* [What you are asked to do] Repeat the following entries exactly, excluding pictures.

START Records for the task

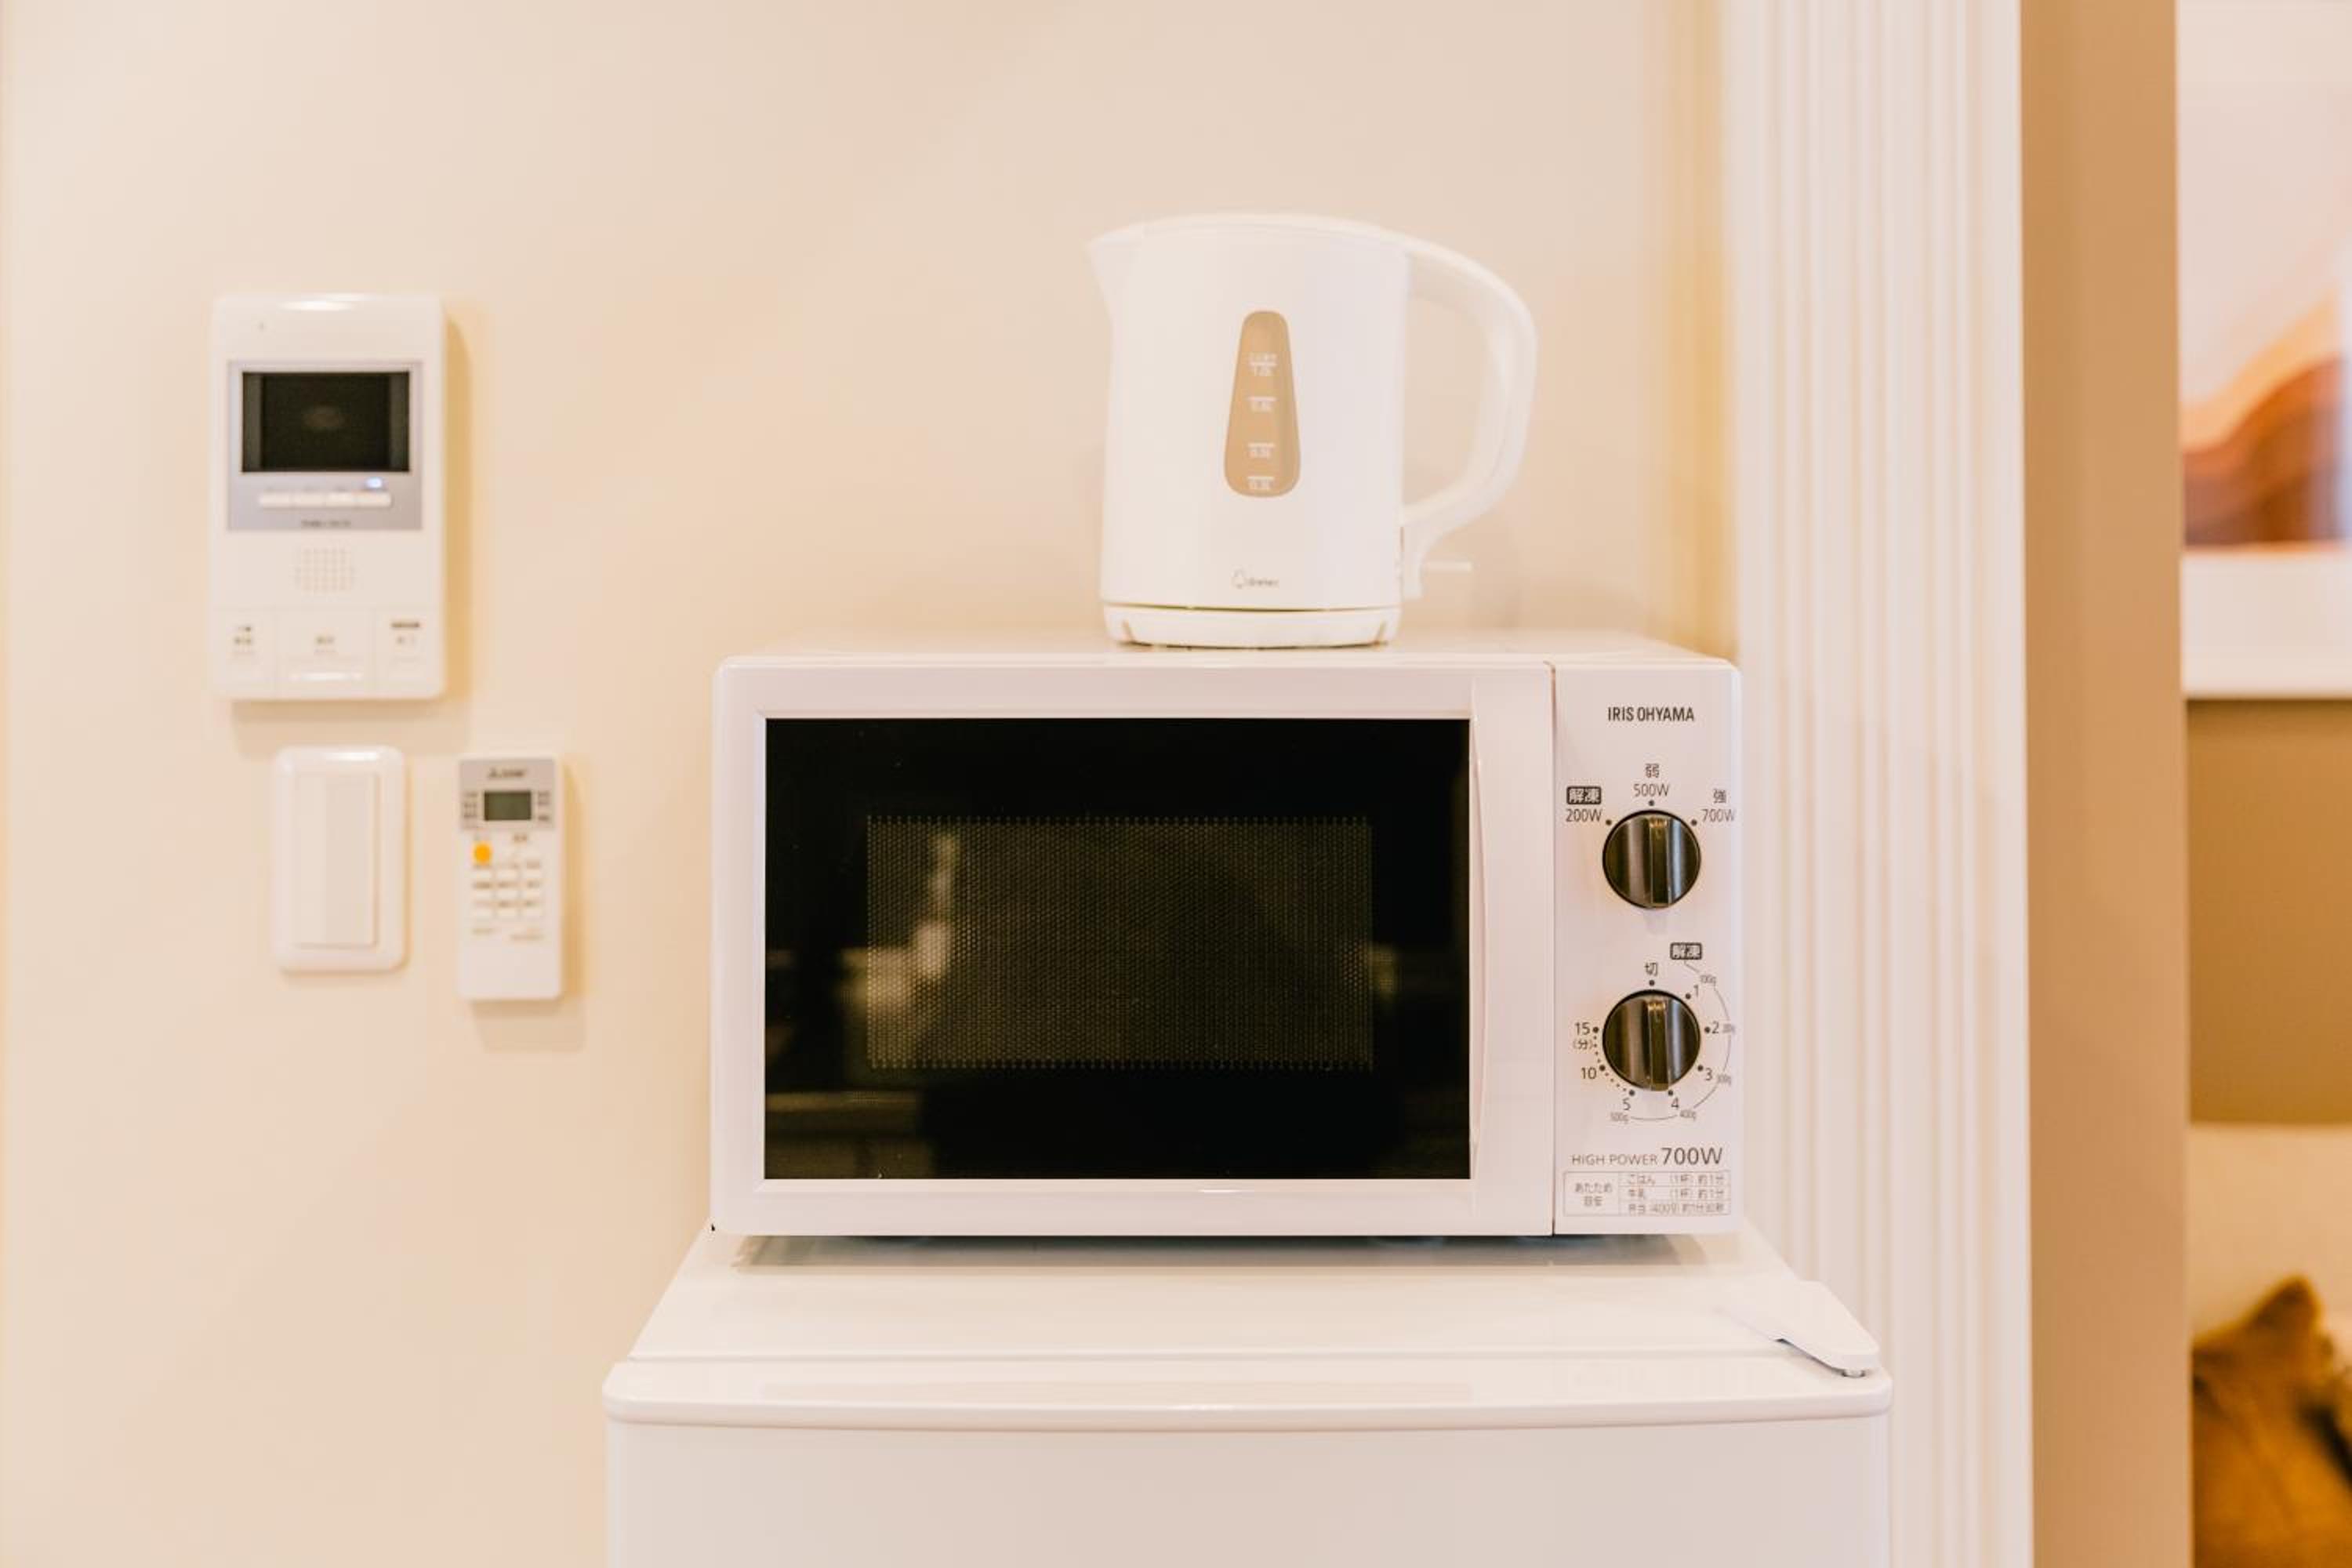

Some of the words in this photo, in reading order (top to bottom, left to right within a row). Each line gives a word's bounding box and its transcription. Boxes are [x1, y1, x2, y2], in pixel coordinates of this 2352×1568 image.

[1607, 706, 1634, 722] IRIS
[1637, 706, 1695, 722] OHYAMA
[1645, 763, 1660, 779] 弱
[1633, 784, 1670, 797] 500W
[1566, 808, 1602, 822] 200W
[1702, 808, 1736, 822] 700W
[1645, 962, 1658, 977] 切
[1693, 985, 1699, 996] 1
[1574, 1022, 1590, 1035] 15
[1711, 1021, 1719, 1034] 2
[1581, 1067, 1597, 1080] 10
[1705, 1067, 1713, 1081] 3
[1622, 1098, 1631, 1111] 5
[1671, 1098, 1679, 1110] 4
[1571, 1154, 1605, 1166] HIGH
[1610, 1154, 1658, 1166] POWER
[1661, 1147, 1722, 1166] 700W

END Records for the task

* [Written answer]
Some of the words in this photo, in reading order (top to bottom, left to right within a row). Each line gives a word's bounding box and its transcription. Boxes are [x1, y1, x2, y2], in pixel coordinates of this 2352×1568 image.

[1607, 706, 1634, 722] IRIS
[1637, 706, 1695, 722] OHYAMA
[1645, 763, 1660, 779] 弱
[1633, 784, 1670, 797] 500W
[1566, 808, 1602, 822] 200W
[1702, 808, 1736, 822] 700W
[1645, 962, 1658, 977] 切
[1693, 985, 1699, 996] 1
[1574, 1022, 1590, 1035] 15
[1711, 1021, 1719, 1034] 2
[1581, 1067, 1597, 1080] 10
[1705, 1067, 1713, 1081] 3
[1622, 1098, 1631, 1111] 5
[1671, 1098, 1679, 1110] 4
[1571, 1154, 1605, 1166] HIGH
[1610, 1154, 1658, 1166] POWER
[1661, 1147, 1722, 1166] 700W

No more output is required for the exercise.